▸ Your task
Write out the records word for word.

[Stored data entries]
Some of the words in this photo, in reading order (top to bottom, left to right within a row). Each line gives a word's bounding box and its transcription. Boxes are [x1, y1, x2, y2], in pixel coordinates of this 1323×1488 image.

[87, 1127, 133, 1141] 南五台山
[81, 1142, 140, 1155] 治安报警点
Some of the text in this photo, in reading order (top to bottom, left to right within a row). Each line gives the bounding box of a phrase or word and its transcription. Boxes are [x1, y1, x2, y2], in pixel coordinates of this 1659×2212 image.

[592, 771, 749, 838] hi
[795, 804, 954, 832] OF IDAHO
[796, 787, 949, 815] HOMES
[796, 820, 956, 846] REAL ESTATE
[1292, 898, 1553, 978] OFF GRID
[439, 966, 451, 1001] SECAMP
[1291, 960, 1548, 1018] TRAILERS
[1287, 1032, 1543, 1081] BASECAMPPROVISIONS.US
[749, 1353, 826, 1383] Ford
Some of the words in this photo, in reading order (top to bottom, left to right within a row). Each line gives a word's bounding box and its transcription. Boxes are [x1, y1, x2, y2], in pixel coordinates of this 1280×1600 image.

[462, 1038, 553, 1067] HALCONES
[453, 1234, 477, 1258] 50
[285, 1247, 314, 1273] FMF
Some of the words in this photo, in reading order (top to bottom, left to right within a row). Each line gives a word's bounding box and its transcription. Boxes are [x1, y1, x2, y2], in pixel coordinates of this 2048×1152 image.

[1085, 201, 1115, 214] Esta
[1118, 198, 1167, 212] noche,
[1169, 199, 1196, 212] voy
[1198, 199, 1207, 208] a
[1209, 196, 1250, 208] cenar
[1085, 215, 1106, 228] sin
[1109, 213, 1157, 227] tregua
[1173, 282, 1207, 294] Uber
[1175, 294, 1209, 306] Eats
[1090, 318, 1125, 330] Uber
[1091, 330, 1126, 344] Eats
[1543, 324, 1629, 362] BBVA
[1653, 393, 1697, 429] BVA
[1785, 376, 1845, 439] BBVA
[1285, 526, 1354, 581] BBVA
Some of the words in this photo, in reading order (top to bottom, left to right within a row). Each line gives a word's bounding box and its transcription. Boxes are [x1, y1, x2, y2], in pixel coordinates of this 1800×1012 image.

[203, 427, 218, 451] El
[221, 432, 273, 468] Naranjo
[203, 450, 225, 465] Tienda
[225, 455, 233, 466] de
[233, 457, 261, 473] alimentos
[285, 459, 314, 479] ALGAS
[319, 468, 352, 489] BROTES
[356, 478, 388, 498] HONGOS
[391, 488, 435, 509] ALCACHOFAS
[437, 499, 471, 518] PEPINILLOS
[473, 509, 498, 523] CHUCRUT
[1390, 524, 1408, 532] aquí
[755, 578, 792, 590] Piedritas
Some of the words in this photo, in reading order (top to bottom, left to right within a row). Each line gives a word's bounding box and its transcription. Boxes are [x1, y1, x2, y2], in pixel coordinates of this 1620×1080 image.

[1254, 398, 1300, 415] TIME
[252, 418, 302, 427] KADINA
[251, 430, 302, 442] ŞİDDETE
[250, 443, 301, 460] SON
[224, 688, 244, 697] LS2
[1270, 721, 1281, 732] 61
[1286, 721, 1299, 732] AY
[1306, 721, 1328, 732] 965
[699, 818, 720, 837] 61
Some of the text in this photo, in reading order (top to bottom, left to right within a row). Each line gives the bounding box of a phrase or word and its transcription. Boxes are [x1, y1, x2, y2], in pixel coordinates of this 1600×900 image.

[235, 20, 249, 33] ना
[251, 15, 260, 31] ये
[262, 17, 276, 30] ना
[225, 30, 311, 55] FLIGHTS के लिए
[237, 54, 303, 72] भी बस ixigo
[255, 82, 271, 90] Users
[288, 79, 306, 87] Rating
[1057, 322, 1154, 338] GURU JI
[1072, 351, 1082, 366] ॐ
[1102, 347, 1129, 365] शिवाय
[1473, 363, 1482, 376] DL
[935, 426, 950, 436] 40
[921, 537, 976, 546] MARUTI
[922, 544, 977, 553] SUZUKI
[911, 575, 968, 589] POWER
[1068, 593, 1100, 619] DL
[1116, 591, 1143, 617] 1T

▸ Response
Some of the words in this photo, in reading order (top to bottom, left to right within a row). Each line gives a word's bounding box and its transcription. Boxes are [x1, y1, x2, y2], in pixel coordinates of this 1323×1488 image.

[87, 1127, 133, 1141] 南五台山
[81, 1142, 140, 1155] 治安报警点
Some of the text in this photo, in reading order (top to bottom, left to right within a row). Each line gives the bounding box of a phrase or word and its transcription. Boxes are [x1, y1, x2, y2], in pixel coordinates of this 1659×2212 image.

[592, 771, 749, 838] hi
[795, 804, 954, 832] OF IDAHO
[796, 787, 949, 815] HOMES
[796, 820, 956, 846] REAL ESTATE
[1292, 898, 1553, 978] OFF GRID
[439, 966, 451, 1001] SECAMP
[1291, 960, 1548, 1018] TRAILERS
[1287, 1032, 1543, 1081] BASECAMPPROVISIONS.US
[749, 1353, 826, 1383] Ford
Some of the words in this photo, in reading order (top to bottom, left to right within a row). Each line gives a word's bounding box and its transcription. Boxes are [x1, y1, x2, y2], in pixel coordinates of this 1280×1600 image.

[462, 1038, 553, 1067] HALCONES
[453, 1234, 477, 1258] 50
[285, 1247, 314, 1273] FMF
Some of the words in this photo, in reading order (top to bottom, left to right within a row). Each line gives a word's bounding box and its transcription. Boxes are [x1, y1, x2, y2], in pixel coordinates of this 2048×1152 image.

[1085, 201, 1115, 214] Esta
[1118, 198, 1167, 212] noche,
[1169, 199, 1196, 212] voy
[1198, 199, 1207, 208] a
[1209, 196, 1250, 208] cenar
[1085, 215, 1106, 228] sin
[1109, 213, 1157, 227] tregua
[1173, 282, 1207, 294] Uber
[1175, 294, 1209, 306] Eats
[1090, 318, 1125, 330] Uber
[1091, 330, 1126, 344] Eats
[1543, 324, 1629, 362] BBVA
[1653, 393, 1697, 429] BVA
[1785, 376, 1845, 439] BBVA
[1285, 526, 1354, 581] BBVA
Some of the words in this photo, in reading order (top to bottom, left to right within a row). Each line gives a word's bounding box and its transcription. Boxes are [x1, y1, x2, y2], in pixel coordinates of this 1800×1012 image.

[203, 427, 218, 451] El
[221, 432, 273, 468] Naranjo
[203, 450, 225, 465] Tienda
[225, 455, 233, 466] de
[233, 457, 261, 473] alimentos
[285, 459, 314, 479] ALGAS
[319, 468, 352, 489] BROTES
[356, 478, 388, 498] HONGOS
[391, 488, 435, 509] ALCACHOFAS
[437, 499, 471, 518] PEPINILLOS
[473, 509, 498, 523] CHUCRUT
[1390, 524, 1408, 532] aquí
[755, 578, 792, 590] Piedritas
Some of the words in this photo, in reading order (top to bottom, left to right within a row). Each line gives a word's bounding box and its transcription. Boxes are [x1, y1, x2, y2], in pixel coordinates of this 1620×1080 image.

[1254, 398, 1300, 415] TIME
[252, 418, 302, 427] KADINA
[251, 430, 302, 442] ŞİDDETE
[250, 443, 301, 460] SON
[224, 688, 244, 697] LS2
[1270, 721, 1281, 732] 61
[1286, 721, 1299, 732] AY
[1306, 721, 1328, 732] 965
[699, 818, 720, 837] 61
Some of the text in this photo, in reading order (top to bottom, left to right within a row). Each line gives the bounding box of a phrase or word and its transcription. Boxes are [x1, y1, x2, y2], in pixel coordinates of this 1600×900 image.

[235, 20, 249, 33] ना
[251, 15, 260, 31] ये
[262, 17, 276, 30] ना
[225, 30, 311, 55] FLIGHTS के लिए
[237, 54, 303, 72] भी बस ixigo
[255, 82, 271, 90] Users
[288, 79, 306, 87] Rating
[1057, 322, 1154, 338] GURU JI
[1072, 351, 1082, 366] ॐ
[1102, 347, 1129, 365] शिवाय
[1473, 363, 1482, 376] DL
[935, 426, 950, 436] 40
[921, 537, 976, 546] MARUTI
[922, 544, 977, 553] SUZUKI
[911, 575, 968, 589] POWER
[1068, 593, 1100, 619] DL
[1116, 591, 1143, 617] 1T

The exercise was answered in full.